According to the end of the century, the forecasts for the coming years represent a higher risk than usual, since the recovery process and the volume of permanent damage are not even known. The end of the century drew attention to the fact that after the significant impact of the second quarter, at the end of the third quarter, the performance of some sectors had reached or even exceeded the pre-virus level, but several sectors (for example, tourism , transport) were still significantly lower than before. writes MTI.
Household consumption is estimated to fall less than 3 percent this year by the end of the century. The significant decline in consumption was prevented by the stability of the labor market, the institute noted, referring to the fact that the unemployment rate was estimated to have risen to just 4.2 percent as a result of labor shortages in last.
We need EU funds
Investment may have fallen by more than a tenth this year, in which the uncertain economic environment caused by the virus, the postponement of state, municipal and corporate investment, and the cyclical nature of EU funds also played a role. important role, the institute said. Growth in this sense is already expected in the next two years; In this area, analysts say that the speed of use of EU funds will be decisive.
Exports suffered a significant drop due to the spring closure of European economies, but this was followed by a turnaround, so the research institute calculated that this year’s exports were close to the level of previous years. A moderate decline in imports is expected, also taking into account imports of medical devices.

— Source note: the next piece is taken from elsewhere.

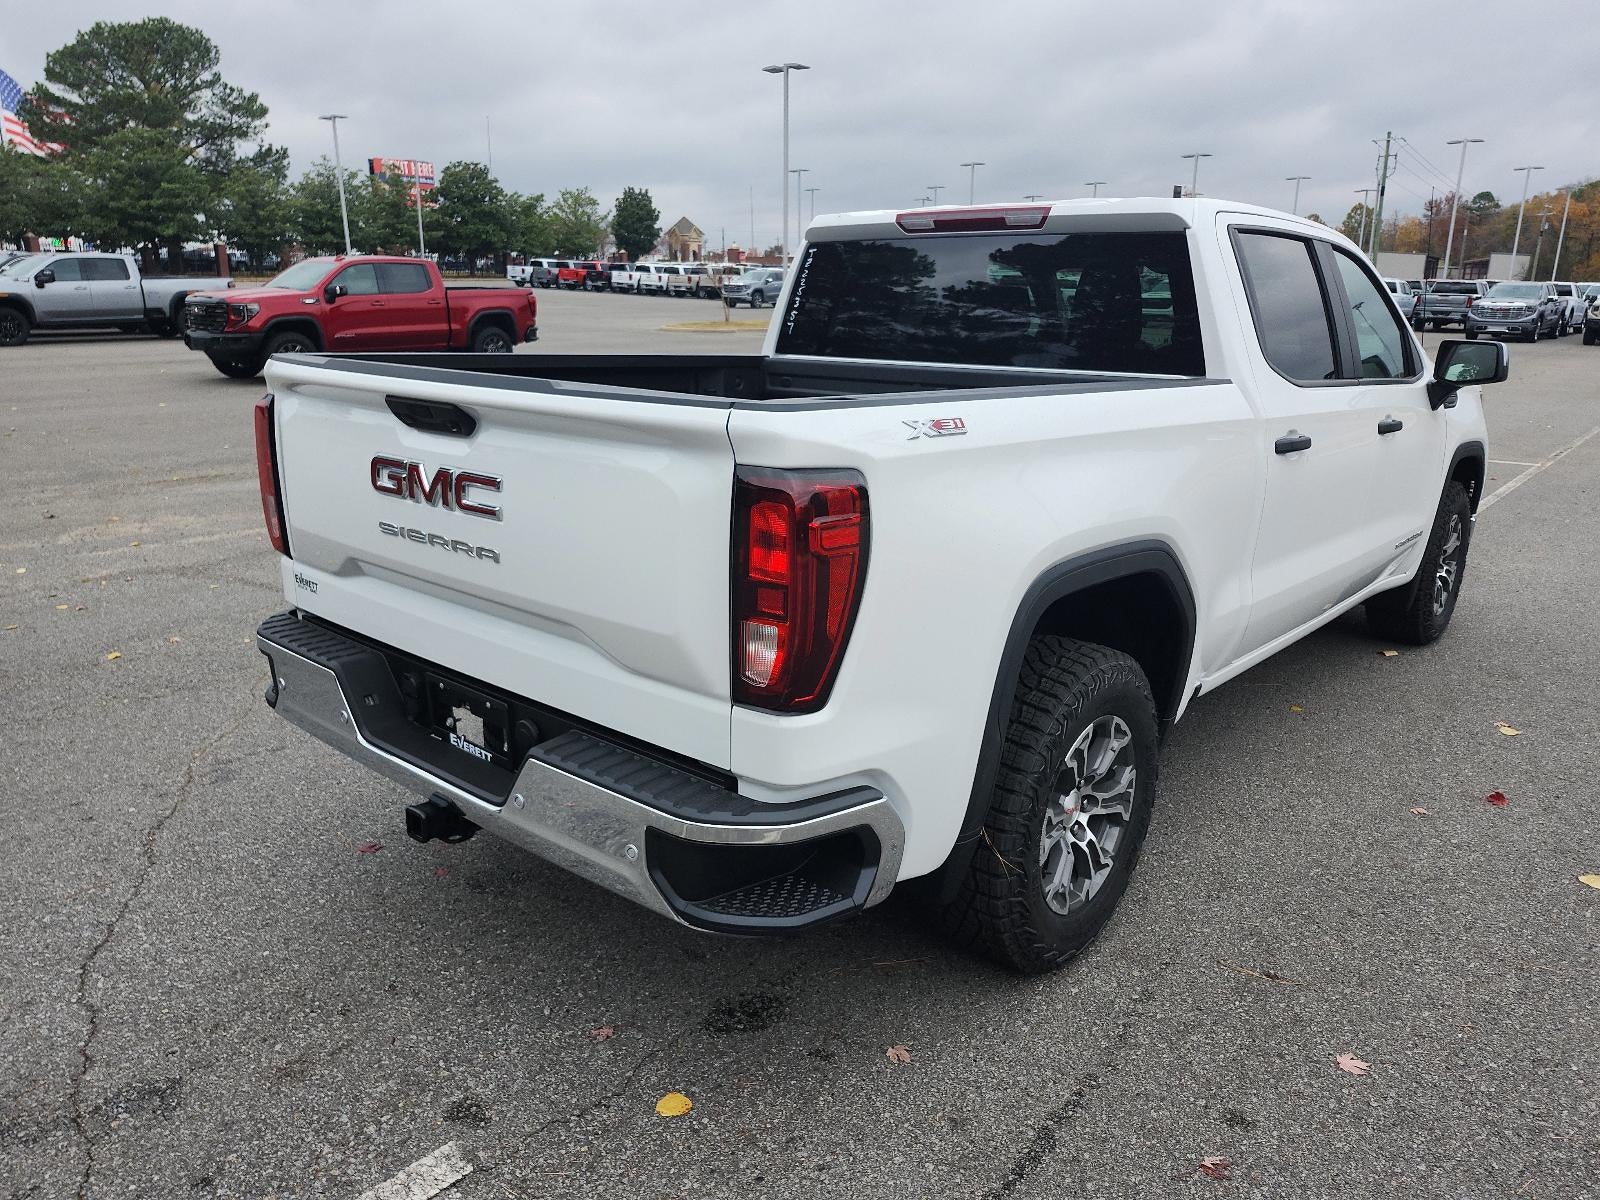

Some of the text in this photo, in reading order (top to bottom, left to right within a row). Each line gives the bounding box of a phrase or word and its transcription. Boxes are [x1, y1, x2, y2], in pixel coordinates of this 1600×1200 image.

[370, 452, 503, 522] GMC
[378, 521, 500, 564] SIERRA
[449, 732, 493, 762] EVERETT

On an annual basis, the end of the century expects a 3.3 percent drop in money above the central bank’s target but within the target band. However, within this, food prices are rising more than average, increasing the feeling of inflation in households.
The deficit is gone
The budget deficit may be high this year, above 8 percent of GDP, due to the deterioration of the macroeconomic environment and increased public spending, Fin de Siglo said. According to the economic researcher, great emphasis should be placed on the return to the strict fiscal policy of previous years, on the definitive reduction of public debt.
By the end of the century, the budget deficit is expected to remain high at 6.7 percent next year and then 3.5 percent by 2022.
The public debt-to-GDP ratio may rise from 65.4 percent last year to 81 percent this year, then decline to 73.7 percent by 2022, End of the Century noted.